WebSphere® eXtreme Scale uses multiple Java™ processes to hold data. These processes serialize the data: That is, they convert the data (which is in the form of Java object instances) to bytes and back to objects again as needed to move the data between client and server processes. Marshalling the data is the most expensive operation and must be addressed by the application developer when designing the schema, configuring the data grid and interacting with the data-access APIs.

The default Java serialization and copy routines are relatively slow and can consume 60 to 70 percent of the processor in a typical setup. The following sections are choices for improving the performance of the serialization.

Deprecated feature The ObjectTransformer interface has been replaced by the DataSerializer plug-ins, which you can use to efficiently store arbitrary data in WebSphere eXtreme Scale so that existing product APIs can efficiently interact with your data.

Write an ObjectTransformer for each BackingMap

An ObjectTransformer can be associated with a BackingMap. Your application can have a class that implements the ObjectTransformer interface and provides implementations for the following operations:

Copying values
Serializing and inflating keys to and from streams
Serializing and inflating values to and from streams

The application does not need to copy keys because keys are considered immutable.

Note: The ObjectTransformer is only invoked when the ObjectGrid knows about the data that is being transformed. For example, when DataGrid API agents are used, the agents themselves as well as the agent instance data or data returned from the agent must be optimized using custom serialization techniques. The ObjectTransformer is not invoked for DataGrid API agents.

Using entities

When using the EntityManager API with entities, the ObjectGrid does not store the entity objects directly into the BackingMaps. The EntityManager API converts the entity object to Tuple objects. Entity maps are automatically associated with a highly optimized ObjectTransformer. Whenever the ObjectMap API or EntityManager API is used to interact with entity maps, the entity ObjectTransformer is invoked.

Custom serialization

Some cases exist where objects must be modified to use custom serialization, such as implementing the java.io.Externalizable interface or by implementing the writeObject and readObject methods for classes implementing the java.io.Serializable interface. Custom serialization techniques should be employed when the objects are serialized using mechanisms other than the ObjectGrid API or EntityManager API methods.
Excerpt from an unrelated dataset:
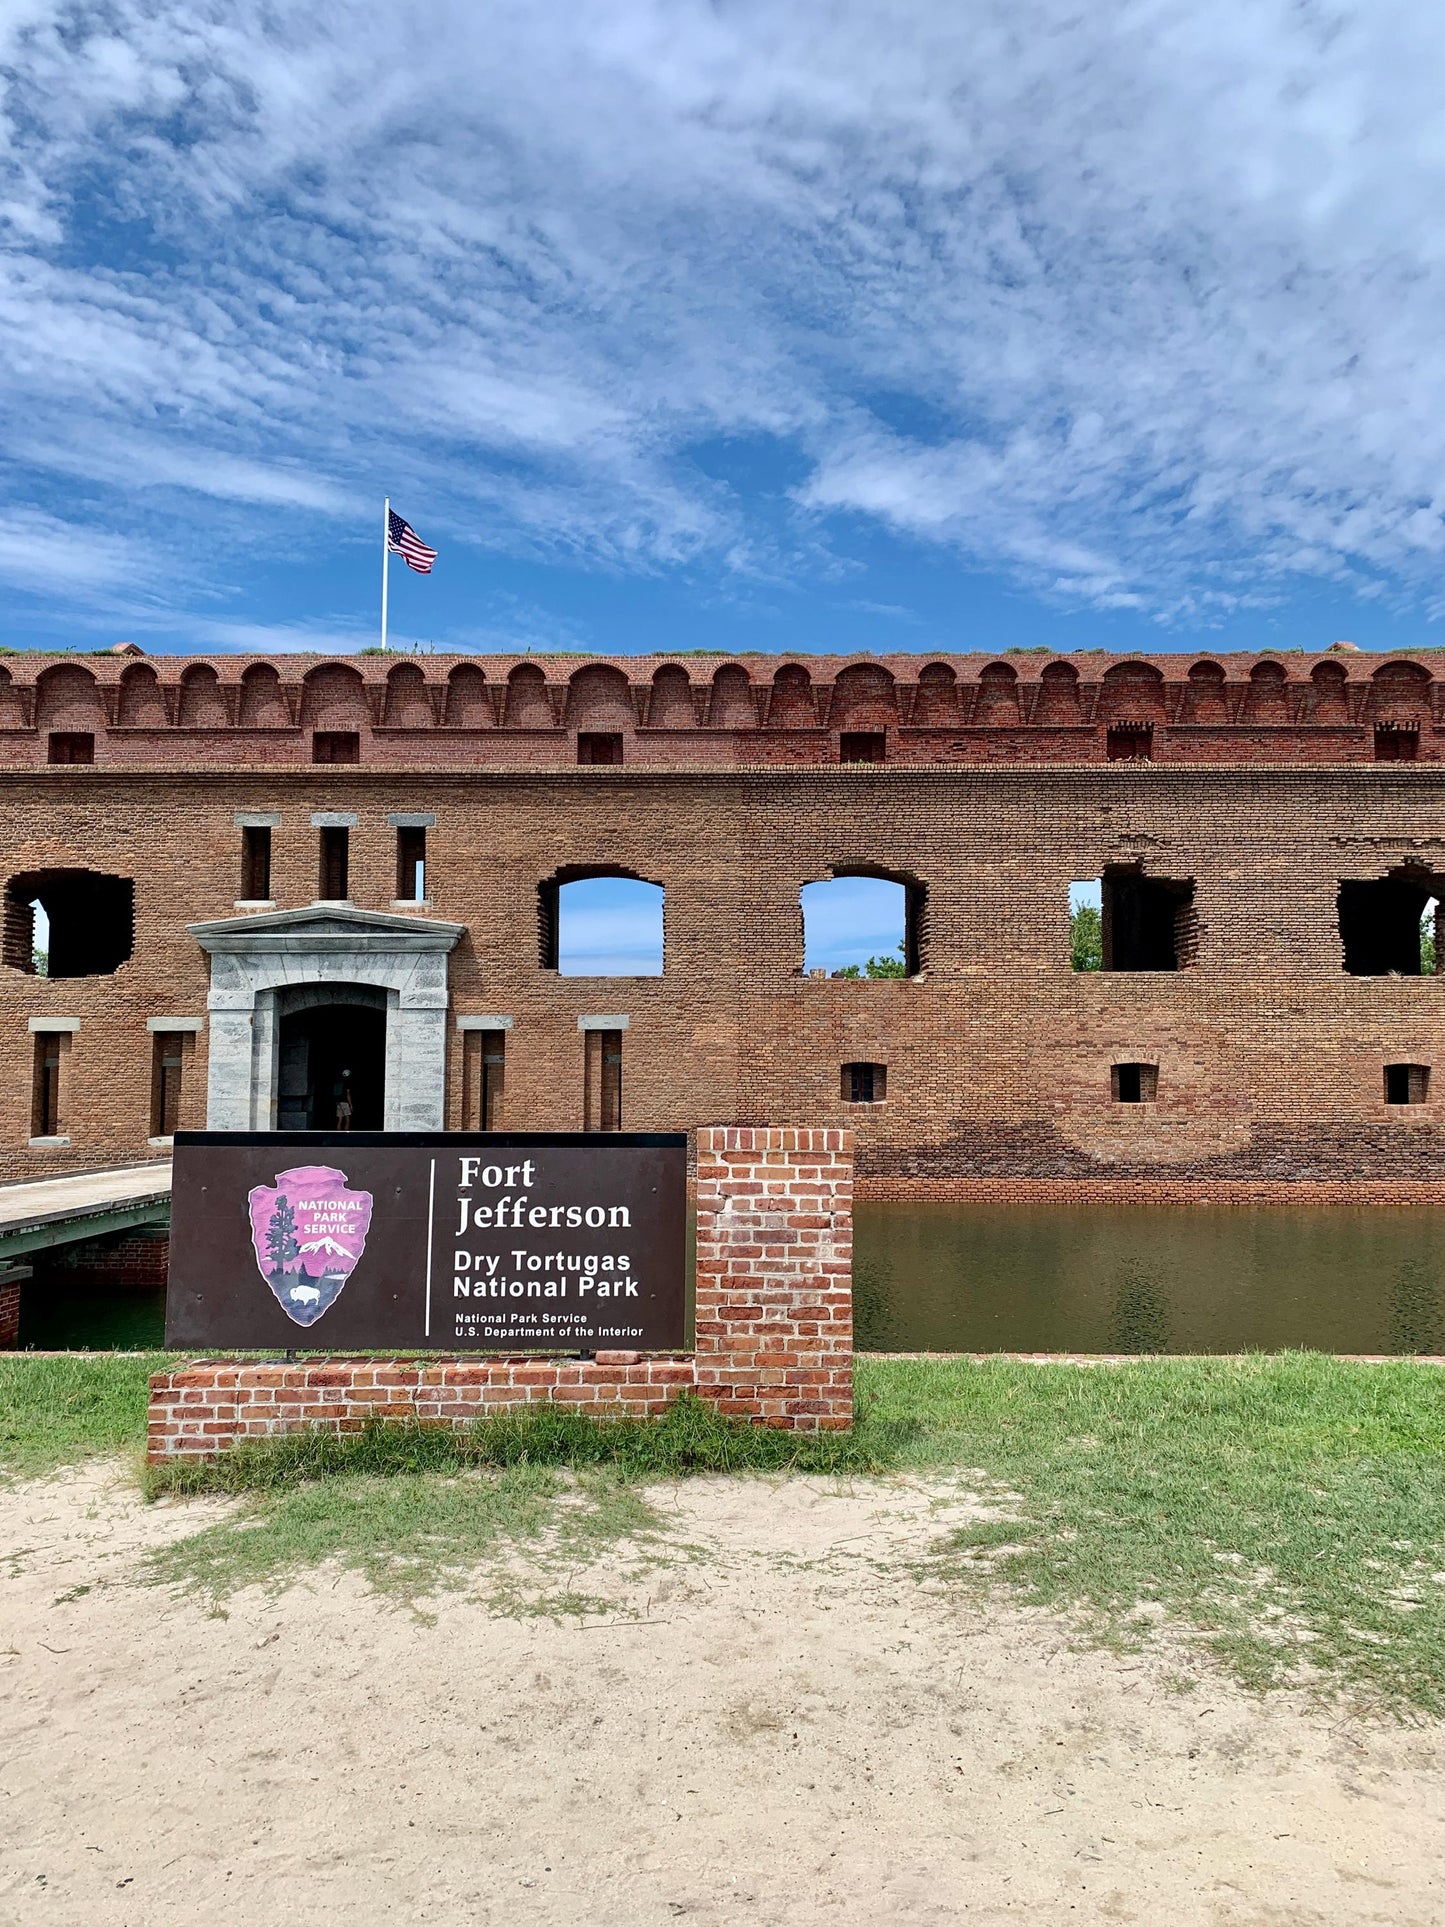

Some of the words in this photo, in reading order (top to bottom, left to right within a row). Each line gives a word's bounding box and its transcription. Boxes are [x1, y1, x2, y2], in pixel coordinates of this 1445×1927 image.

For example, when objects or entities are stored as instance data in a DataGrid API agent or the agent returns objects or entities, those objects are not transformed using an ObjectTransformer. The agent, will however, automatically use the ObjectTransformer when using EntityMixin interface. See DataGrid agents and entity based Maps for further details.

Byte arrays

When using the ObjectMap or DataGrid APIs, the key and value objects are serialized whenever the client interacts with the data grid and when the objects are replicated. To avoid the overhead of serialization, use byte arrays instead of Java objects. Byte arrays are much cheaper to store in memory since the JDK has less objects to search for during garbage collection and they can be inflated only when needed. Previously, you only used byte arrays if you did not need to access the objects using queries or indexes, since the data is stored as bytes and could only be accessed through its key. However, beginning in V7.1.1, indexes and queries are more doable because serializer plug-ins lift copy-to-bytes restrictions that previously existed.
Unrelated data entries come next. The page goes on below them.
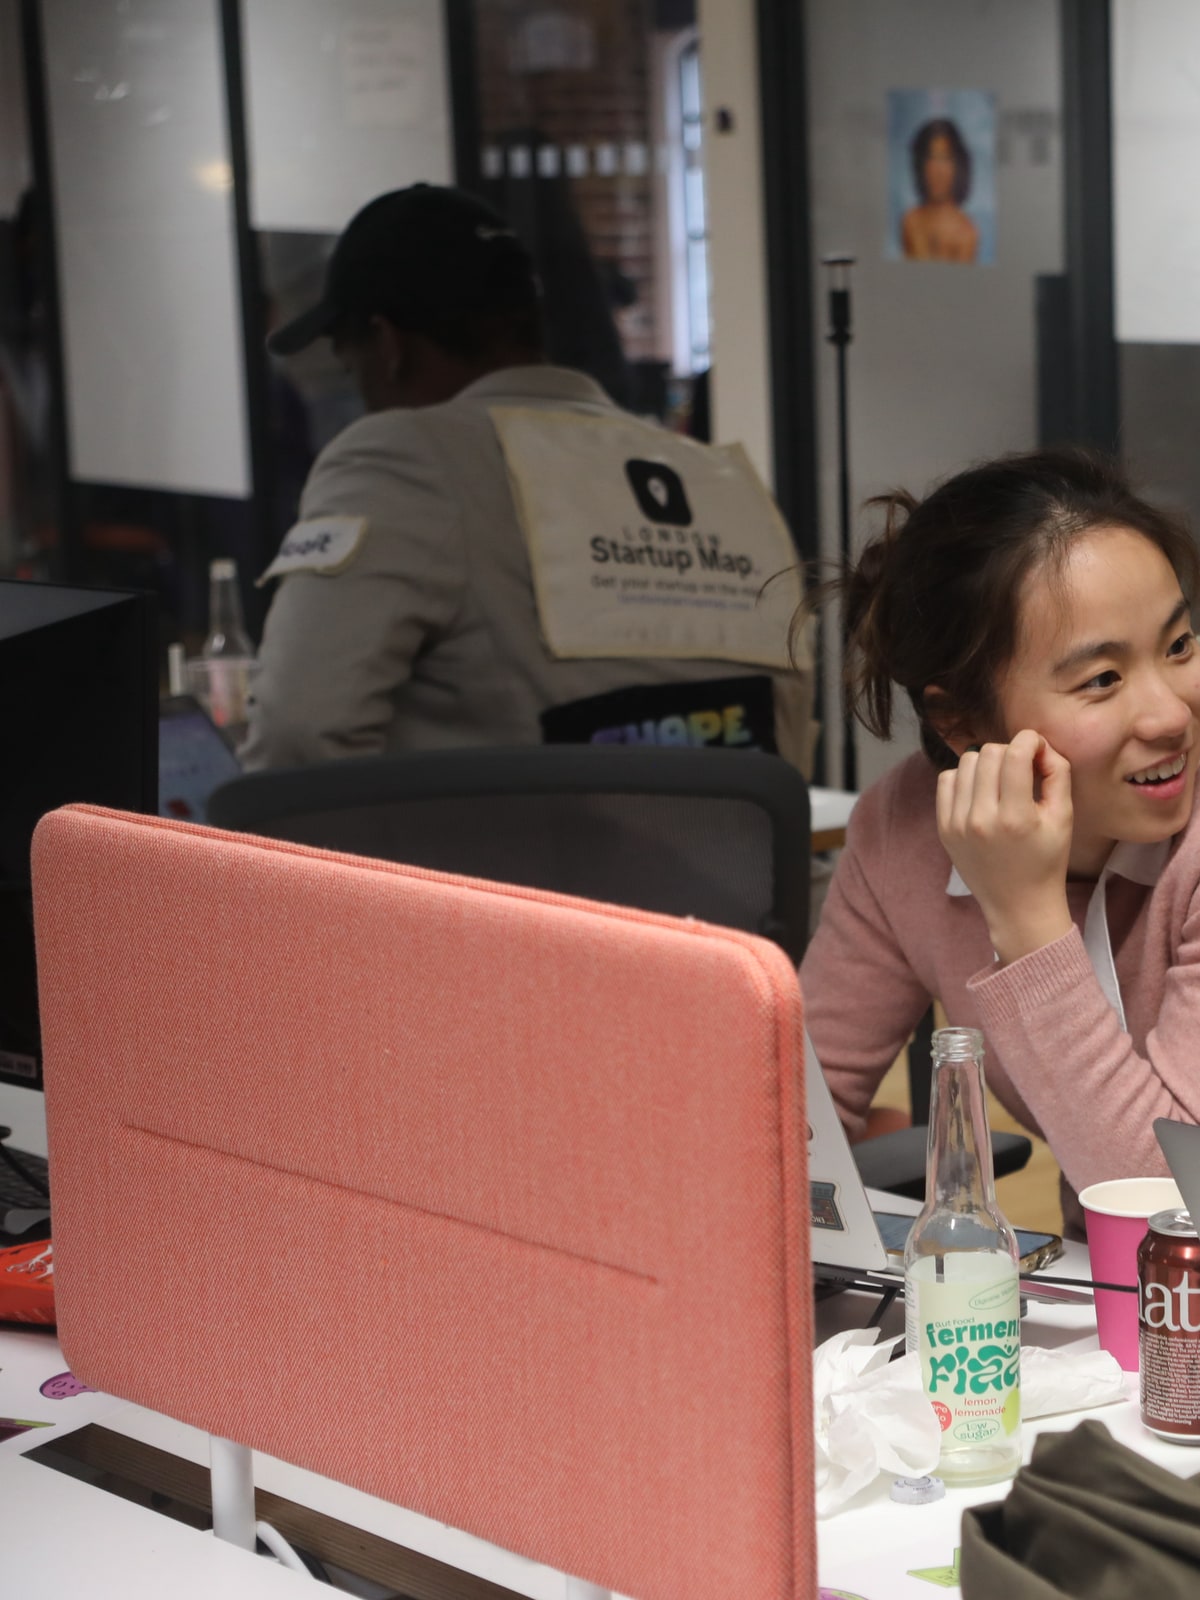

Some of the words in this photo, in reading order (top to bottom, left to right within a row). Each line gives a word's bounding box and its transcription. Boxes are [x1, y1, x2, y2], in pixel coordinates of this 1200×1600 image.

[590, 535, 693, 575] Startup
[964, 1397, 997, 1406] lemon
[955, 1406, 1006, 1417] lemonade
[966, 1422, 987, 1431] low
[960, 1427, 996, 1440] sugar
[Version 8.6 and later] In V8.6, when you use eXtreme IO (XIO), you have access to eXtreme data format (XDF), which is a default, built-in serializer. Use XDF to serialize and store keys and values in the data grid in a language-independent format. For more information about XDF, see Configuring data grids to use eXtreme data format (XDF).

WebSphere eXtreme Scale can automatically store data as byte arrays using the CopyMode.COPY_TO_BYTES map configuration option, or it can be handled manually by the client. This option will store the data efficiently in memory and can also automatically inflate the objects within the byte array for use by queries and indexes on demand.
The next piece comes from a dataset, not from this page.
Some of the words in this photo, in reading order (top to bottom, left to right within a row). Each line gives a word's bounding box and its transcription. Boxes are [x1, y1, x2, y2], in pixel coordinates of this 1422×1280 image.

A MapSerializerPlugin plug-in can be associated with a BackingMap plug-in when you use the COPY_TO_BYTES or COPY_TO_BYTES_RAW copy modes. This association allows data to be stored in serialized form in memory, rather than the native Java object form. Storing serialized data conserves memory and improves replication and performance on the client and server. You can use a DataSerializer plug-in to develop high-performance serialization streams that can be compressed, encrypted, evolved, and queried.